Anyone that knows anything about the history and ecology of the NSW and Queensland outback is very aware of the problem of woodland thickening. To call them weeds and work on broadscale destruction is foolish, as they are all (apart from some exotic acacias) locally indigenous species that were always present in these grassy woodlands and a vital part of their function when in balance. The problem is the density of the regrowth, which is why it needs THINNING!
Like luke has pointed out this thickening was caused by inappropriate grazing and lack of fire(maybe). I’d like to add broadscale clearing, both historical an current as the main cause of dense woodland regrowth.
Doing more of the same and allowing broadscale clearing will make the problems worse. Recent clearing is almost always combined with the sowing of introduced weeds like Buffel grass or cultivation and cropping or both and this will cause accelerated degradation of the grassy woodland ecosystems and probably render them unrecoverable.
As a passionate grazier, it pains me to see so much fantastic natural grazing country destroyed by egotistical farmers who continue to live in ignorance and contempt for their own country and people who are trying to work to restore and sustain it’s health.
The new regulations concerning native vegetation clearance clearly allow for dense regrowth thinning, so what the hell is the fuss about? Thinning combined with improved grazing management and revetation of NATIVE grasses will help to resore the natural open grassy woodlands.
Luke says
Michael – at last a voice of moderation and concern. Any thoughts on encouraging perennial grass species and any possible roles for planting saltbush.
Hasbeen says
I would love to get some of you theorists out to my mates place near Walgett. When I last talked to him, he was grazing 5500 sheep, 250 cattle, about 25% of his normal level, & 30,000 roos.
His only weapon against them is to eliminate water, but a lot of damage is done, before they are driven out of an area. A thunder storm can then produce enough standing water for them to get in another month of damage.

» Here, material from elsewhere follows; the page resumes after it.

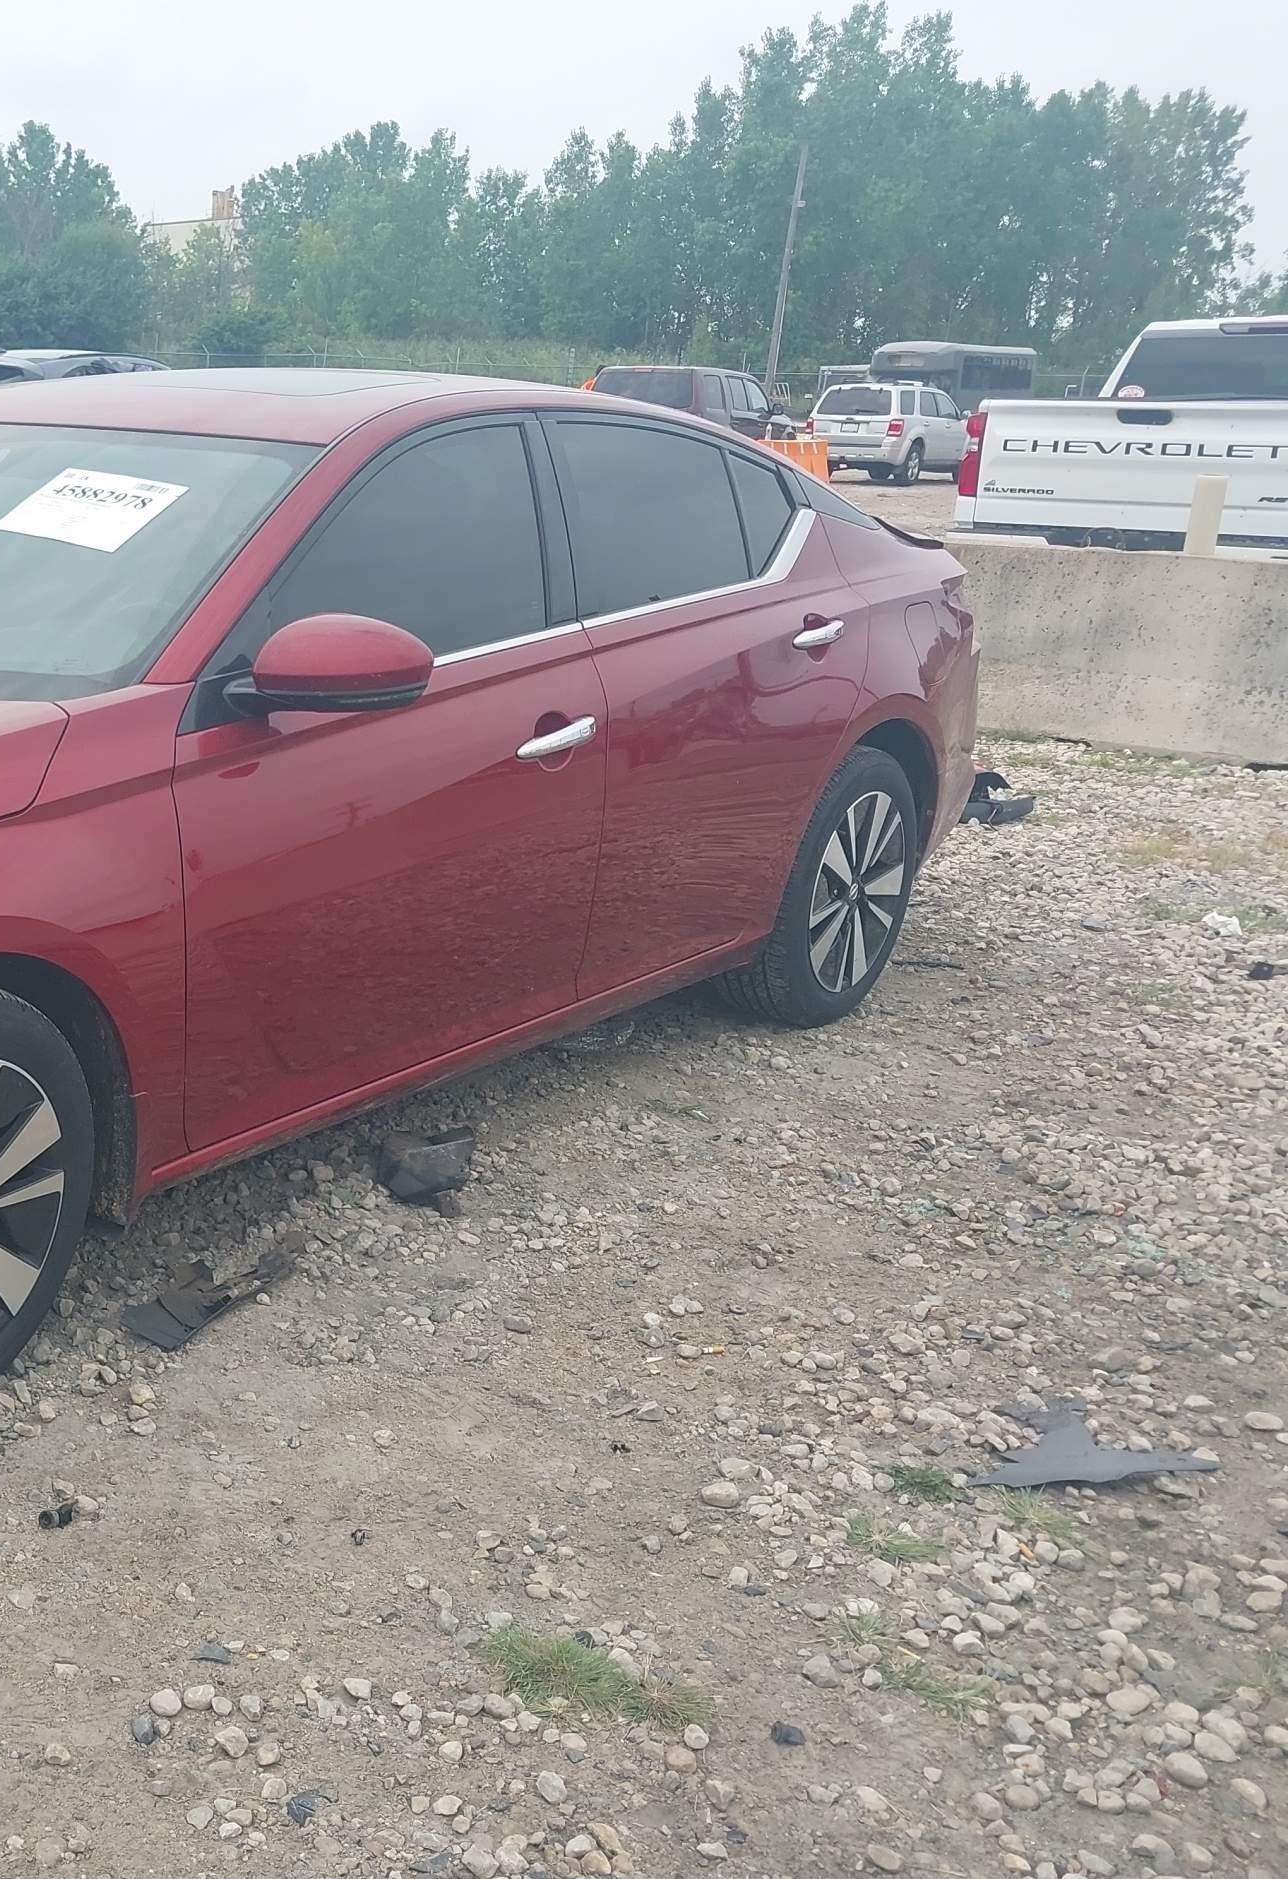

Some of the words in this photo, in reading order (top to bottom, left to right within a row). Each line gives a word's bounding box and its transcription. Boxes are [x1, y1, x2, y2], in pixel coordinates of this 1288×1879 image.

[1002, 439, 1288, 459] CHEVROLET
[53, 484, 152, 509] 45882978
[983, 486, 1054, 495] SILVERADO

He has had one 9,000 acre paddock locked up for 5 years, with no water supplied to watering points, & it is no better now, than when he destocked it. Some of his place has not had enough grass to carry a fire, to suppress the woody weeds, for more than 10 years.
He is not very complimentare about people who want to stop roo culling.
Michael says
Luke,
The woodlands that still have pockets of intact grassy woodland vegetation (ie. the ones that haven’t been completely stuffed by broadscale clearing and cultivation), still have pockets of healthy long-lived perennial grasses and or saltbush shrubs and scattered old growth trees.
These pockets are rapidly shrinking due to high grazing pressure and further re-growth filling the place where the perennial native grasses have been weakened (ie. we need to act now). Once the re-growth thickens, this often results in the death of the remnant (old growth) trees, which leaves what I’m calling “Grazing induced Scrub”. The difference between this king od scrub and the scrub that follows cultivation of the land is that the grazing induced scrub still has a soil base that will contain most elements (but certianly not all) of the natural grassy woodland ecosystem, making them much easier to restore.
You can usually find what should be the natural density of the trees in grazing-induced scrub by locating the dead or sometimes living veteran (Old growth) trees. People often try to claim that so much has changed that it’s impossible to know how it used to be. But this is crap we’ve only been stuffing around with these rangeland for 150 years the evidence of their prior tree density is still very obvious in most cases.
To restore these places I believe it’s a matter of enhancing these pockets, thinning the dense re-growth from around them and controlling the total grazing pressure(I admit this could be very difficult and costly)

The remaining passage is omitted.